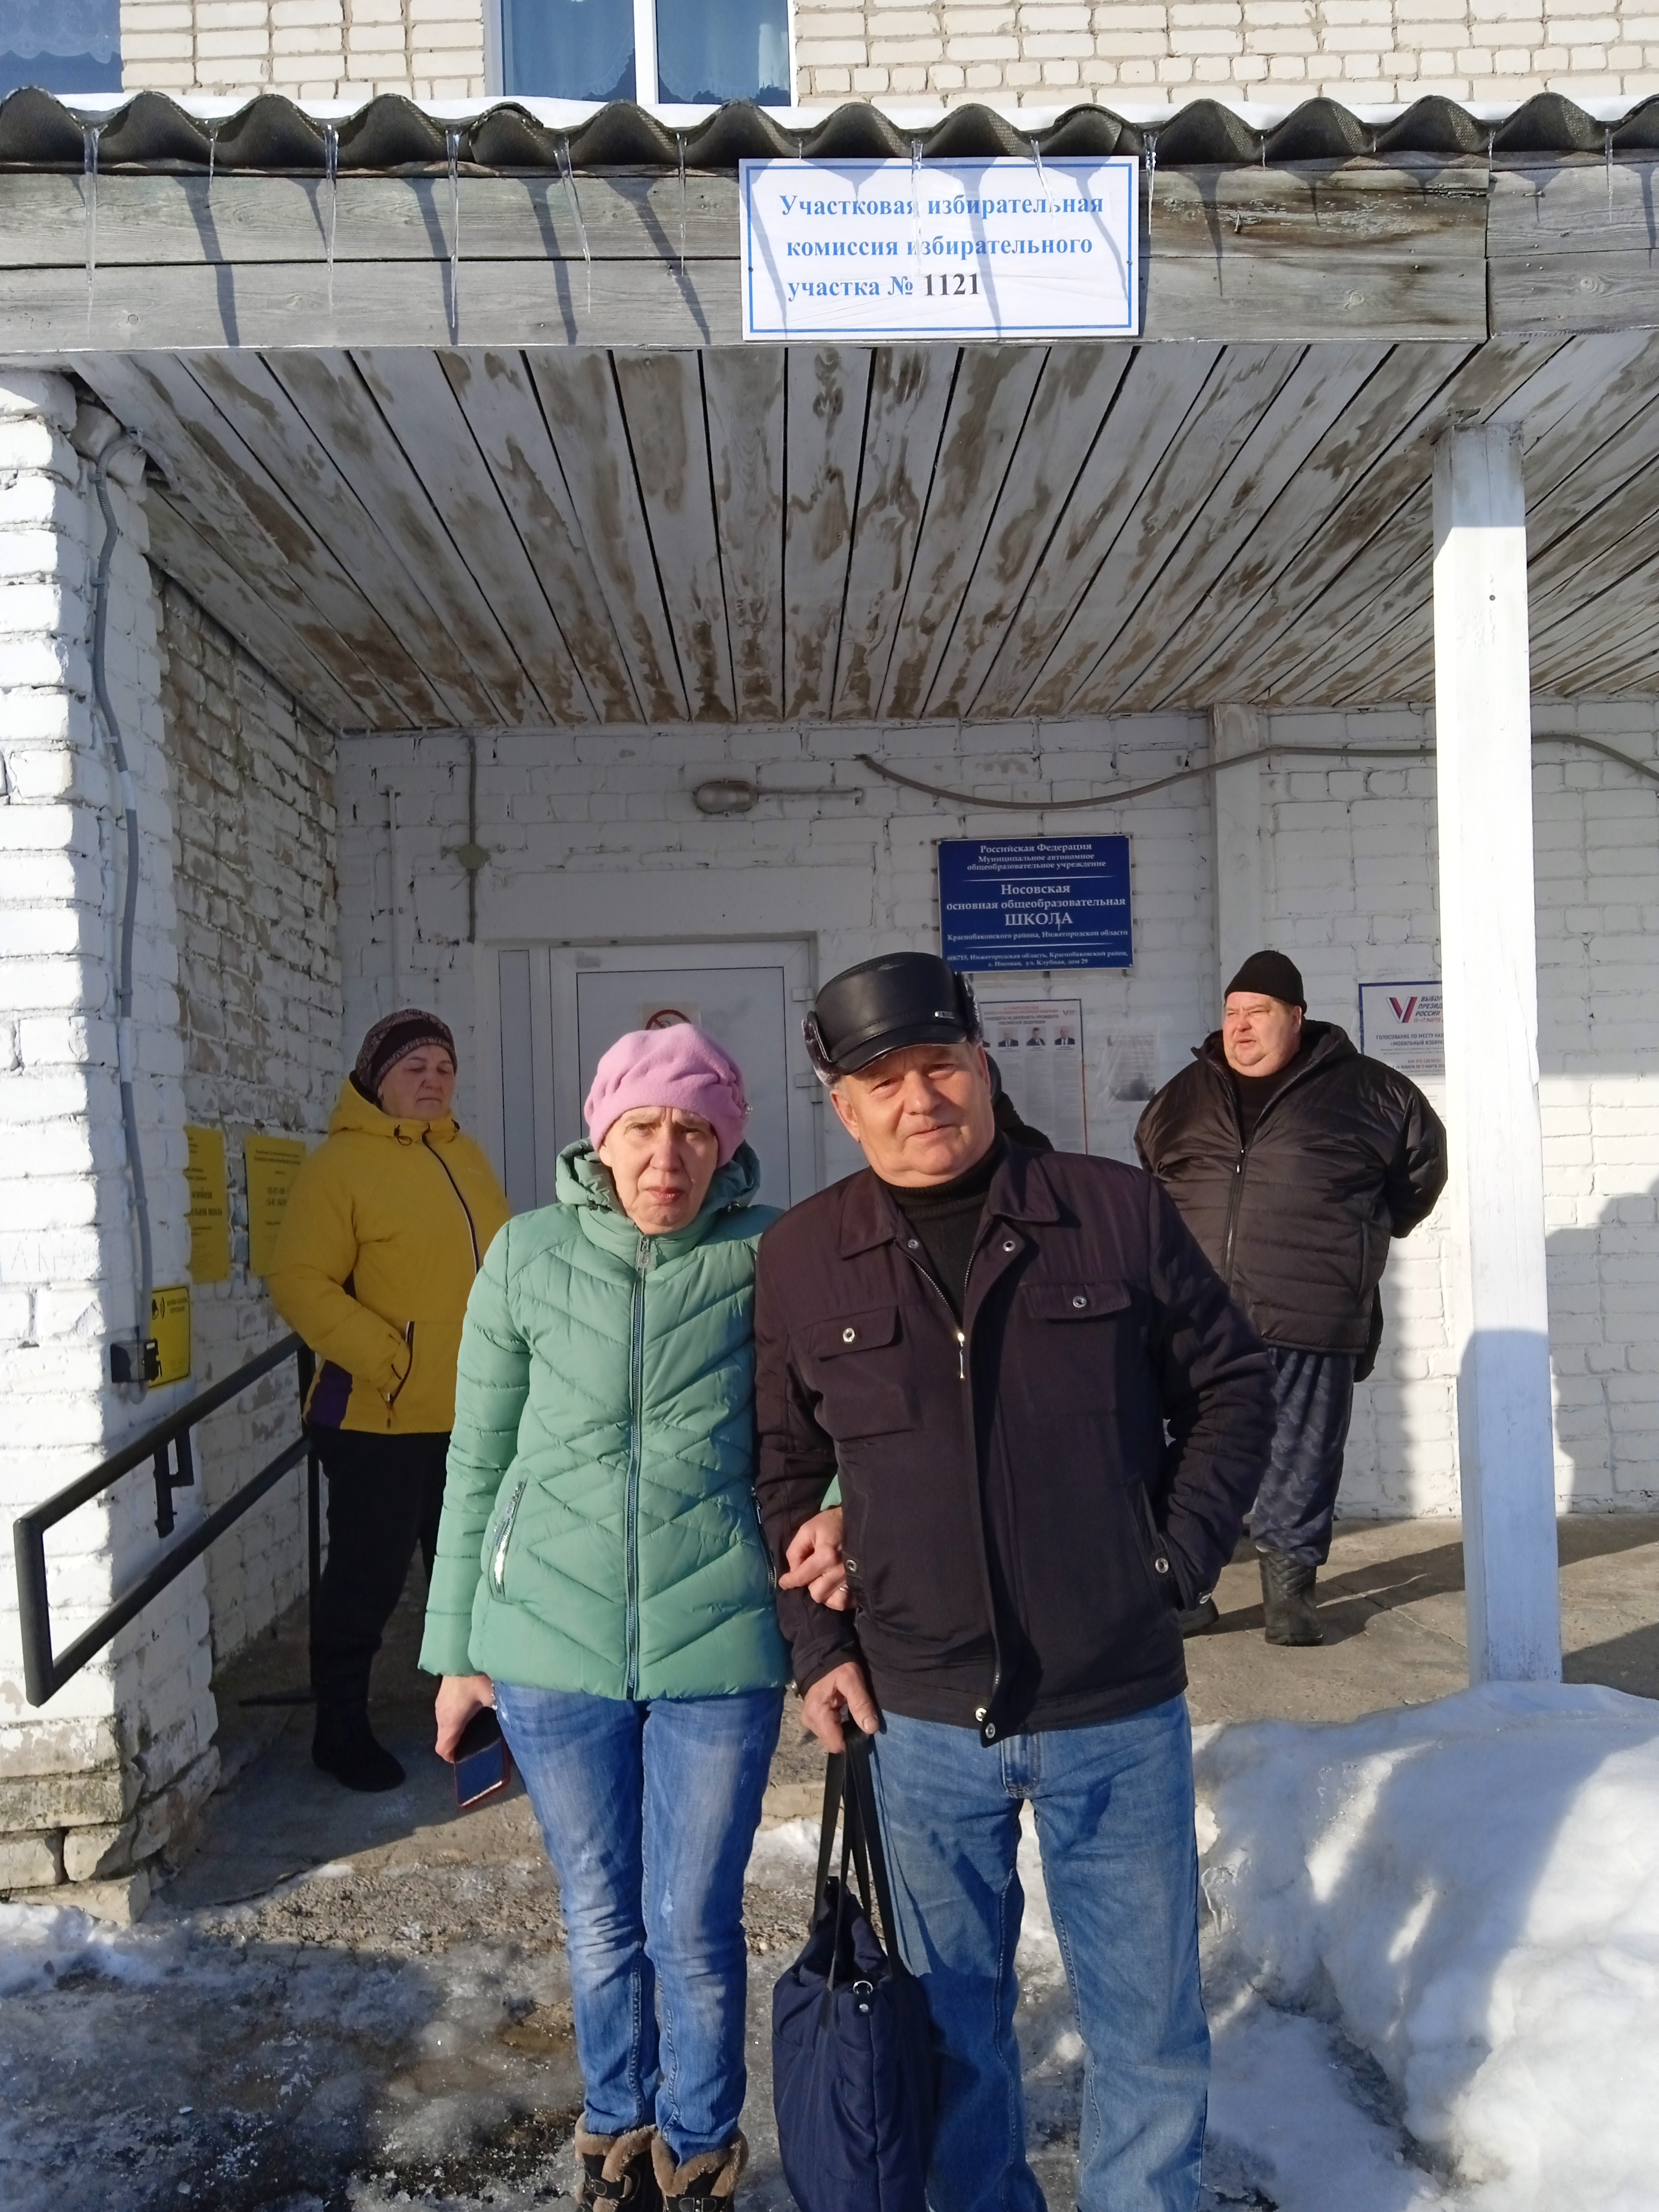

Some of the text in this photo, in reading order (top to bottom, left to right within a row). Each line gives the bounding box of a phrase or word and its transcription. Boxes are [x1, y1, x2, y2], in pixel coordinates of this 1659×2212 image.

[779, 194, 1103, 219] Участковая избирательная
[787, 236, 1093, 260] комиссия избирательного
[788, 273, 980, 302] участка № 1121
[1037, 843, 1092, 852] Федерация
[978, 856, 1046, 864] Муниципальное
[967, 861, 1107, 872] общеобразовательное учреждение
[1001, 884, 1071, 895] Носовская
[1001, 899, 1126, 910] общеобразовательная
[1004, 912, 1073, 926] ШКОЛА
[947, 933, 1012, 942] Краснобаковского
[1042, 930, 1099, 939] Нижегородской
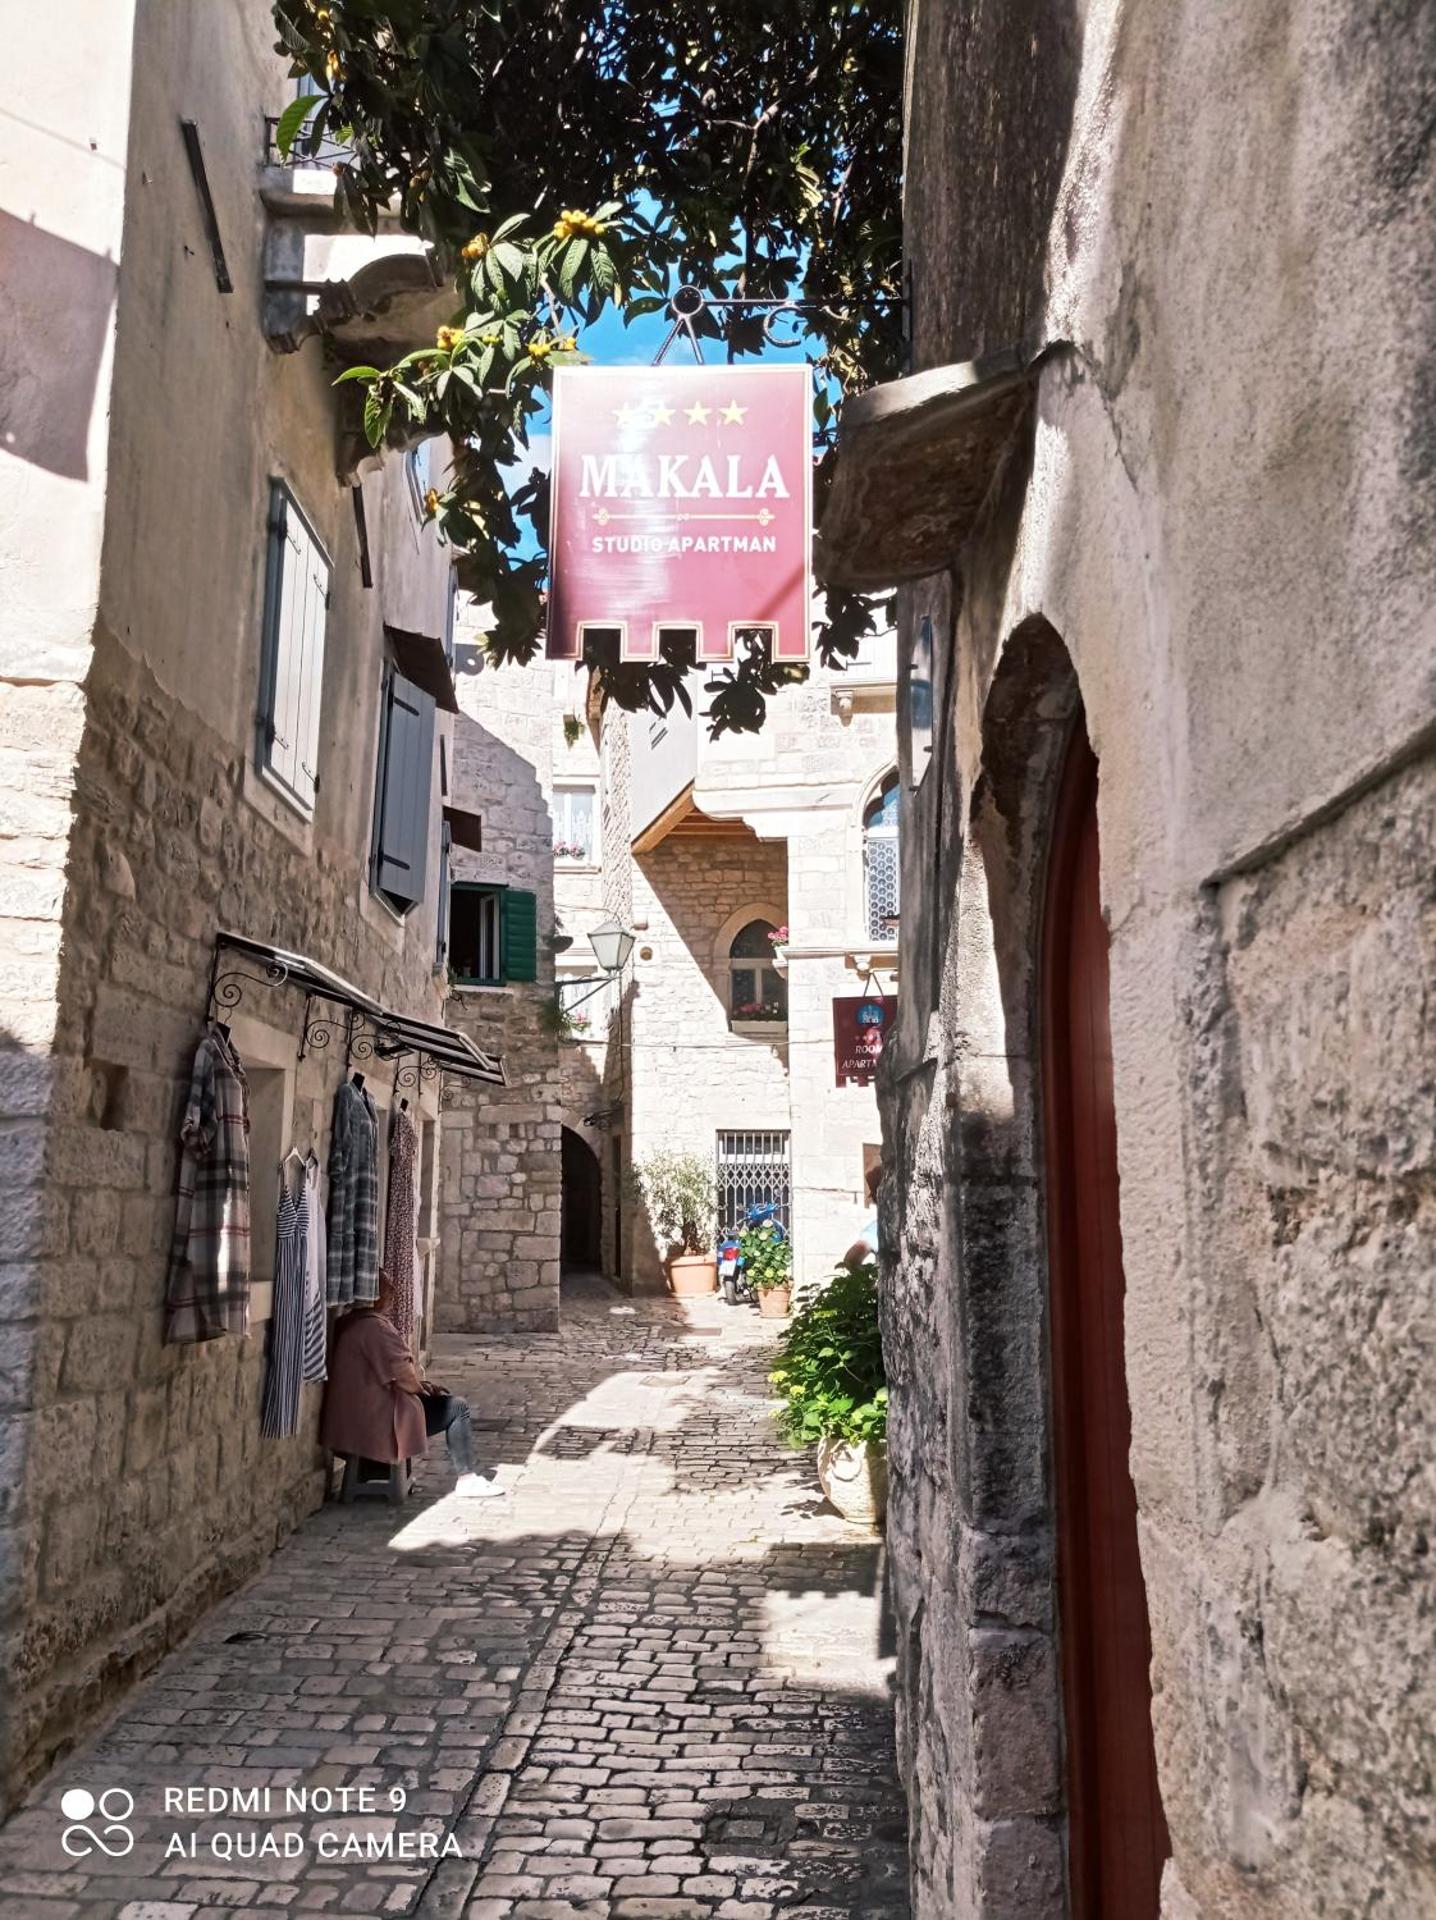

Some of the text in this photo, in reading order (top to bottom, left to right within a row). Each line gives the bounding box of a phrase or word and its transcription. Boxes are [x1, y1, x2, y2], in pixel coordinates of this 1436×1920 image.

__The problem__: Whenever you reach a picture, pass over it; print all the other material exactly.

__Output for this task__:
Some of the text in this photo, in reading order (top to bottom, left to right within a row). Each line gives the bounding box of a phrase or word and its transcription. Boxes are [x1, y1, x2, y2], in pixel coordinates of this 1659×2212 image.

[779, 194, 1103, 219] Участковая избирательная
[787, 236, 1093, 260] комиссия избирательного
[788, 273, 980, 302] участка № 1121
[1037, 843, 1092, 852] Федерация
[978, 856, 1046, 864] Муниципальное
[967, 861, 1107, 872] общеобразовательное учреждение
[1001, 884, 1071, 895] Носовская
[1001, 899, 1126, 910] общеобразовательная
[1004, 912, 1073, 926] ШКОЛА
[947, 933, 1012, 942] Краснобаковского
[1042, 930, 1099, 939] Нижегородской

Some of the text in this photo, in reading order (top to bottom, left to right within a row). Each line gives the bounding box of a phrase or word and its transcription. Boxes are [x1, y1, x2, y2], in pixel coordinates of this 1436×1920 image.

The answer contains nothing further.